▶ [Directions for this task] For this exercise, transcribe all of the entries exactly.

──────────

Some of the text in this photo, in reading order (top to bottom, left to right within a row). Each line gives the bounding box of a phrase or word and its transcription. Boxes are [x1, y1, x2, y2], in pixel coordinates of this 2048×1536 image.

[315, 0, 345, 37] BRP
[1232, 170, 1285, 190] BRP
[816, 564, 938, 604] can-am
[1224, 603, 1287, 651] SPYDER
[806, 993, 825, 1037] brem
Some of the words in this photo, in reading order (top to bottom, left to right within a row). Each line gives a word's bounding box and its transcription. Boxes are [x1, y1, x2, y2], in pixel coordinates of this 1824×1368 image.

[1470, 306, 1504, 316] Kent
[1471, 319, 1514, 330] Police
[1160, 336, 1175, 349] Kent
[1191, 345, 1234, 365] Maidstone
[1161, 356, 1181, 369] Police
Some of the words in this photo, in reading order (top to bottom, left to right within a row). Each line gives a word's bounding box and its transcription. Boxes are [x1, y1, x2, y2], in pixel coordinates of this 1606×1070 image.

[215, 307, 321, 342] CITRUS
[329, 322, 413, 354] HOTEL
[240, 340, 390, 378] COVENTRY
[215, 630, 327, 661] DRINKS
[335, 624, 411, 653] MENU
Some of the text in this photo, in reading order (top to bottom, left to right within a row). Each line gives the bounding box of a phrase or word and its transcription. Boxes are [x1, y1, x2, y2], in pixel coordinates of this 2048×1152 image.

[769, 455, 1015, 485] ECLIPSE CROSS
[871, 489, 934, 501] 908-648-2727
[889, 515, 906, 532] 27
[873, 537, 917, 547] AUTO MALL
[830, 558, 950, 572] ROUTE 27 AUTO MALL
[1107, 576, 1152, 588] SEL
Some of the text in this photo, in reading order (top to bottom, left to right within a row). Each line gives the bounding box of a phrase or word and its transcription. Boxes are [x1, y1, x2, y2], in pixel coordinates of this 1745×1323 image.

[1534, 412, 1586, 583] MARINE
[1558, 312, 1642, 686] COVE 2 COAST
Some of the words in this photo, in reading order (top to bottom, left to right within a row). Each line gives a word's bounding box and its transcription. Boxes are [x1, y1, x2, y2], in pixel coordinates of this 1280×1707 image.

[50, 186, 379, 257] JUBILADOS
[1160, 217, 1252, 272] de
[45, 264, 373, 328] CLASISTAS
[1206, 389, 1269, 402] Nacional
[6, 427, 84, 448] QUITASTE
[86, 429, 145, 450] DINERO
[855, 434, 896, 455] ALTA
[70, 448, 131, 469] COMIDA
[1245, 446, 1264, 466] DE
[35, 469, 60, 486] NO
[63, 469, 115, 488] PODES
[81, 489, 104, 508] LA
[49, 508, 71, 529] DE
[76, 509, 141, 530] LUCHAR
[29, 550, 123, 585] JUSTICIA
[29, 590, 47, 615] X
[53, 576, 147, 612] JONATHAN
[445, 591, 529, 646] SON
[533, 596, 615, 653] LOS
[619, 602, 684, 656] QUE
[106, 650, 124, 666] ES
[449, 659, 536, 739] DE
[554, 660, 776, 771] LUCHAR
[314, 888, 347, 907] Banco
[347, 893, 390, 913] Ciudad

──────────

▶ [Response to this exercise]
Some of the text in this photo, in reading order (top to bottom, left to right within a row). Each line gives the bounding box of a phrase or word and its transcription. Boxes are [x1, y1, x2, y2], in pixel coordinates of this 2048×1536 image.

[315, 0, 345, 37] BRP
[1232, 170, 1285, 190] BRP
[816, 564, 938, 604] can-am
[1224, 603, 1287, 651] SPYDER
[806, 993, 825, 1037] brem
Some of the words in this photo, in reading order (top to bottom, left to right within a row). Each line gives a word's bounding box and its transcription. Boxes are [x1, y1, x2, y2], in pixel coordinates of this 1824×1368 image.

[1470, 306, 1504, 316] Kent
[1471, 319, 1514, 330] Police
[1160, 336, 1175, 349] Kent
[1191, 345, 1234, 365] Maidstone
[1161, 356, 1181, 369] Police
Some of the words in this photo, in reading order (top to bottom, left to right within a row). Each line gives a word's bounding box and its transcription. Boxes are [x1, y1, x2, y2], in pixel coordinates of this 1606×1070 image.

[215, 307, 321, 342] CITRUS
[329, 322, 413, 354] HOTEL
[240, 340, 390, 378] COVENTRY
[215, 630, 327, 661] DRINKS
[335, 624, 411, 653] MENU
Some of the text in this photo, in reading order (top to bottom, left to right within a row). Each line gives the bounding box of a phrase or word and its transcription. Boxes are [x1, y1, x2, y2], in pixel coordinates of this 2048×1152 image.

[769, 455, 1015, 485] ECLIPSE CROSS
[871, 489, 934, 501] 908-648-2727
[889, 515, 906, 532] 27
[873, 537, 917, 547] AUTO MALL
[830, 558, 950, 572] ROUTE 27 AUTO MALL
[1107, 576, 1152, 588] SEL
Some of the text in this photo, in reading order (top to bottom, left to right within a row). Each line gives the bounding box of a phrase or word and its transcription. Boxes are [x1, y1, x2, y2], in pixel coordinates of this 1745×1323 image.

[1534, 412, 1586, 583] MARINE
[1558, 312, 1642, 686] COVE 2 COAST
Some of the words in this photo, in reading order (top to bottom, left to right within a row). Each line gives a word's bounding box and its transcription. Boxes are [x1, y1, x2, y2], in pixel coordinates of this 1280×1707 image.

[50, 186, 379, 257] JUBILADOS
[1160, 217, 1252, 272] de
[45, 264, 373, 328] CLASISTAS
[1206, 389, 1269, 402] Nacional
[6, 427, 84, 448] QUITASTE
[86, 429, 145, 450] DINERO
[855, 434, 896, 455] ALTA
[70, 448, 131, 469] COMIDA
[1245, 446, 1264, 466] DE
[35, 469, 60, 486] NO
[63, 469, 115, 488] PODES
[81, 489, 104, 508] LA
[49, 508, 71, 529] DE
[76, 509, 141, 530] LUCHAR
[29, 550, 123, 585] JUSTICIA
[29, 590, 47, 615] X
[53, 576, 147, 612] JONATHAN
[445, 591, 529, 646] SON
[533, 596, 615, 653] LOS
[619, 602, 684, 656] QUE
[106, 650, 124, 666] ES
[449, 659, 536, 739] DE
[554, 660, 776, 771] LUCHAR
[314, 888, 347, 907] Banco
[347, 893, 390, 913] Ciudad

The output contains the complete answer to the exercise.